La oferta, que se presenta para esta campaña, resulta demasiado baja para la demanda que viene. No hay vuelta que darle…así está la cosa.

Podrá haber bajas, pero a ellas, luego, le seguirán las recuperaciones. No en balde, la reciente publicación trimestral, por parte del USDA, respecto a los stocks mundiales, confirmó la estrechez en la oferta.

En tanto, el llamado mercado climático está jugando con los operadores. De hecho, la ansiedad por conocer el futuro lo vuelve locos.

Es que los reportes para EE.UU. revelan que el trigo de invierno mantiene un considerable deterioro, pues de la condición de bueno a excelente, pasó del 50% de la semana pasada al 48% en la presente. Algo similar muestran con relación al de primavera que, ahora, ha disminuido el ranking de bueno a excelente del 85% de la semana previa al 79% de la última.

Y, en cuanto a la forma que camina la cosecha, el reporte del USDA revela que tan sólo el 22% del área sembrada con el trigo de invierno estaba cosechada frente al 50% del año pasado a la misma fecha y del 36% del promedio de los últimos cinco años. Está claro que la cuestión está muy lenta, básicamente, por el clima húmedo.

También, se está calculando, justamente por el problema de la humedad, una peor calidad en el material que poco a poco se va levantando.

Con relación a lo que pasa en otros países, la realidad es que se advierten presiones alcistas para las cotizaciones futuras.

Una de ellas proviene de la baja de las siembras de trigo en Canadá, lo que hace estimar una menor producción de trigo y, por ende, una menor presión de oferta canadiense en el mundo.

En Europa también hay preocupación por el panorama. Acá la cosa es diferente pues el problema viene del clima cálido y seco. Ello afecta a Ucrania, al sur de Rusia y al sudeste europeo en general.

El tiempo tampoco está ayudando en China. La sequía que golpea a las zonas trigueras induce a muchos analistas a estimar una rebaja en la producción del orden del 12%. Ello generaría un grave inconveniente al suministro local.

Tan complejo está el cuadro que el Consejo Internacional de Granos acaba de disminuir su estimación de la producción mundial de trigo 2007/08 a 614 millones. Son 7 millones de toneladas menos que el volumen calculado en mayo último. ¿Qué tal? El cuadro se agrava…

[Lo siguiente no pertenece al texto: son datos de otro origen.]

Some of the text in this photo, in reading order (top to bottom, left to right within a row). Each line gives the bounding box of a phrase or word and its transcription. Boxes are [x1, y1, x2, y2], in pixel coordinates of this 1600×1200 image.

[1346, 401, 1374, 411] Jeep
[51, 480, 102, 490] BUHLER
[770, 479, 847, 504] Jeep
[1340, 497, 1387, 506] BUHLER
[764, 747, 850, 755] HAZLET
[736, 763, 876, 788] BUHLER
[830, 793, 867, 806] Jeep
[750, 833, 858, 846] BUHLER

La suba en los valores, que se viene registrando ya desde hace unos cuantos años, es respuesta de la preocupación internacional por la producción mundial y los menores stocks que se proyectan.

El gráfico, realizado con datos de la BCR, es claro. Mirémoslo con detenimiento.

Se nota cómo a partir de comienzos del año 2005, luego de haber quebrado el piso de 90 dólares, el precio del trigo inicia una visible cuesta arriba, ininterrumpida. Allí también puede apreciarse que después de marzo de este año los precios aceleran su alza.

¿Podemos afirmar que los stocks finales serán los más bajos de los últimos 30 años? Todo indicaría que sí.

Sabemos que, entonces, la demanda mundial está muy fuerte y que la oferta se está diseñando con problemas básicamente por menor producción y por escasa calidad. Los trigos de buena calidad con alto contenido de proteínas van a escasear y, lógicamente, ellos deberían lograr una sustancial mejora en los precios

Este cuadro mundial impacta de lleno en los valores FOB de la Argentina pero no lo hace de la misma forma en los precios domésticos. Para tener una idea, el lunes 2 de julio los precios estaban así: la exportación pagó $ 445 para el trigo, con descarga inmediata, mientras que negocios sobre el cereal con entrega diciembre rondaban en 155 dólares. Claramente por debajo de lo que correspondería, según los valores FOB, Argentina.

El productor argentino está en la estación. Aguarda la llegada del convoy, con el boleto en su mano, para dirigirse a su destino. Ve llegar el tren, pero no puede tomarlo: su pie está atado al banco del andén. ¿Puede alguien imaginar semejante frustración?

La operatoria interna sigue sin normalizarse y no lo hará hasta tanto no se reestructure el actual sistema de compensaciones y se reabra el registro de exportaciones de trigo.

No sólo pierde el productor con su pie maniatado, sino el país todo. Si las cotizaciones locales reflejaran la realidad internacional de manera fiel, los precios más elevados empujarían a éstos incrementar las siembras del cereal.

Como si el mercado se tomara su revancha los precios del pan siguen un camino ascendente. Si el objetivo del gobierno es que los precios internos no suban, la realidad es que existen otros costos que exceden al trigo en la fabricación de la harina y los molineros tampoco están ajenos a la crisis energética de las distintas industrias locales.